Disney seeks continued tax exemption from Anaheim, California
By Steve Gorman
LOS ANGELES (Reuters) - The "happiest place on Earth" will keep a special tax exemption in Anaheim, California, for 30 more years if the City Council approves the Walt Disney Co's plan for a $1 billion-plus expansion of its theme park complex in the city.
The five-member council is expected to vote on Tuesday on the company's proposal to go ahead with its Disneyland Resort makeover in exchange for a continued waiver of any future admission tax the city might impose on entertainment venues.
The resort's current exemption was granted by the city in 1996 and is due to expire on June 30, 2016.
No entertainment gate tax has ever been levied by the city of Anaheim, but an extension of Disney's special waiver would reimburse the company for any such taxes imposed during the next three decades, municipal spokeswoman Ruth Ruiz said.
Disney and its supporters say the exemption is merited because of the huge economic benefit Anaheim derives from the resort, which is the largest employer in the city and Orange County as a whole, accounting for 28,000 local jobs.

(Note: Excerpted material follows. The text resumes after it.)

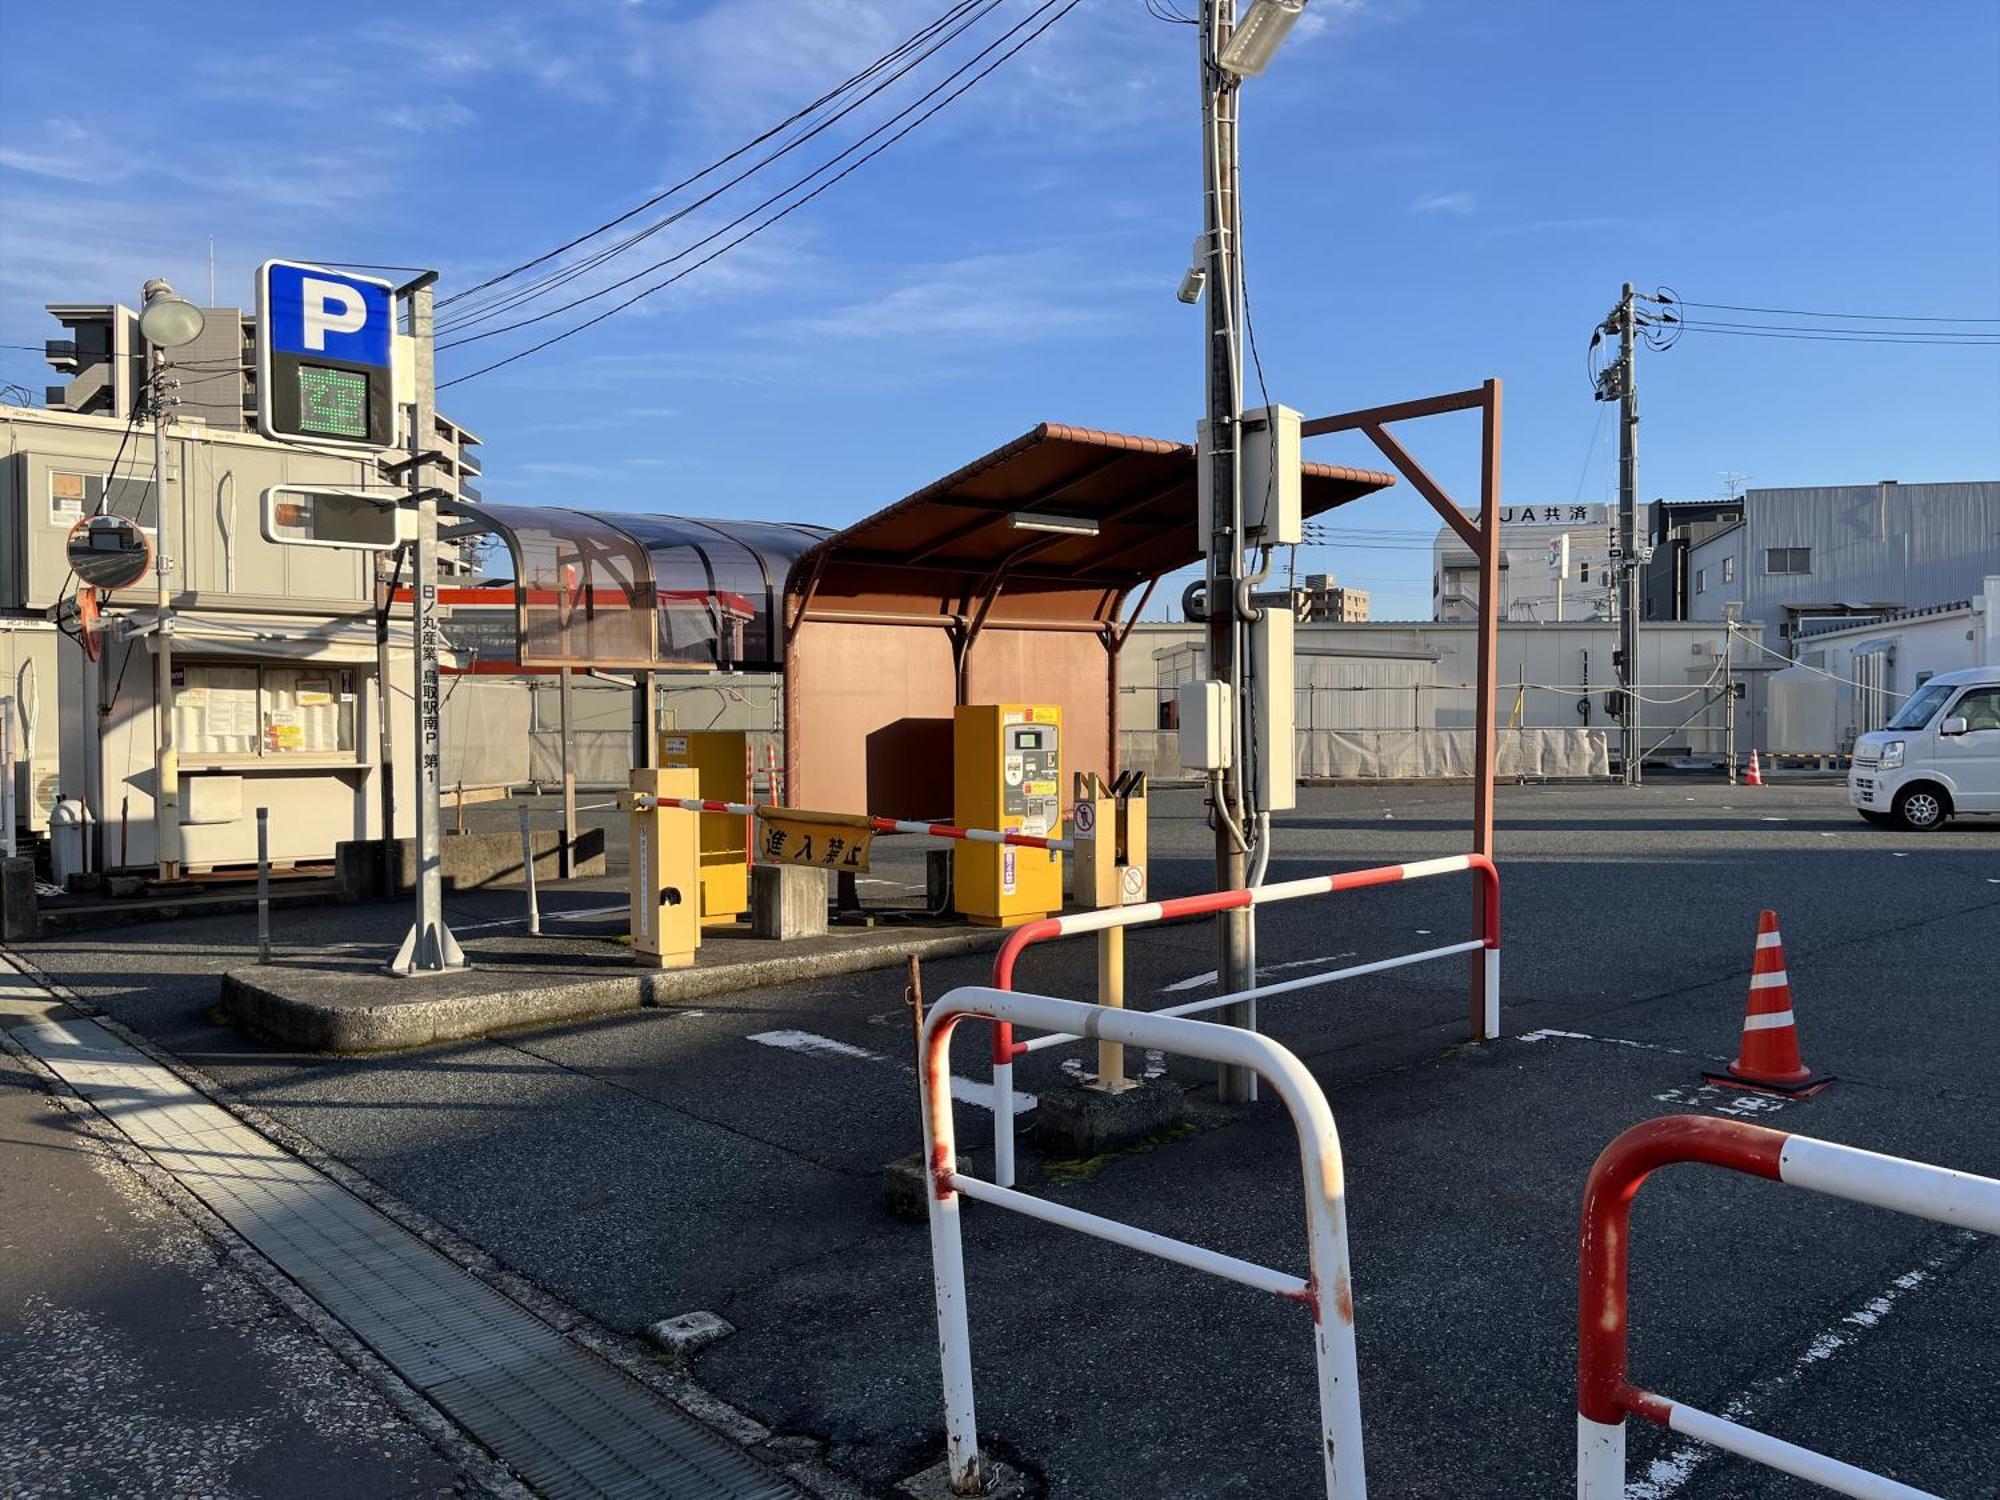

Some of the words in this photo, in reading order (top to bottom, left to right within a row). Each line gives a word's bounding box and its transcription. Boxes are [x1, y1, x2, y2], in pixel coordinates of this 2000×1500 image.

"Anaheim has been an economic success story thanks to its policies and initiatives that allow businesses to invest and thrive," Disneyland Resort President Michael Colglazier said in a statement.
But Mayor Tom Tait, a City Council member who backed the original tax exemption, has gone on record opposing the plan to renew it, citing an estimated $500 million in unfunded pension obligations now faced by the city.
"Chaining the hands of future residents on their ability to impose taxes will jeopardize the city's financial health," he was quoted as saying in the Orange County Register. Continued...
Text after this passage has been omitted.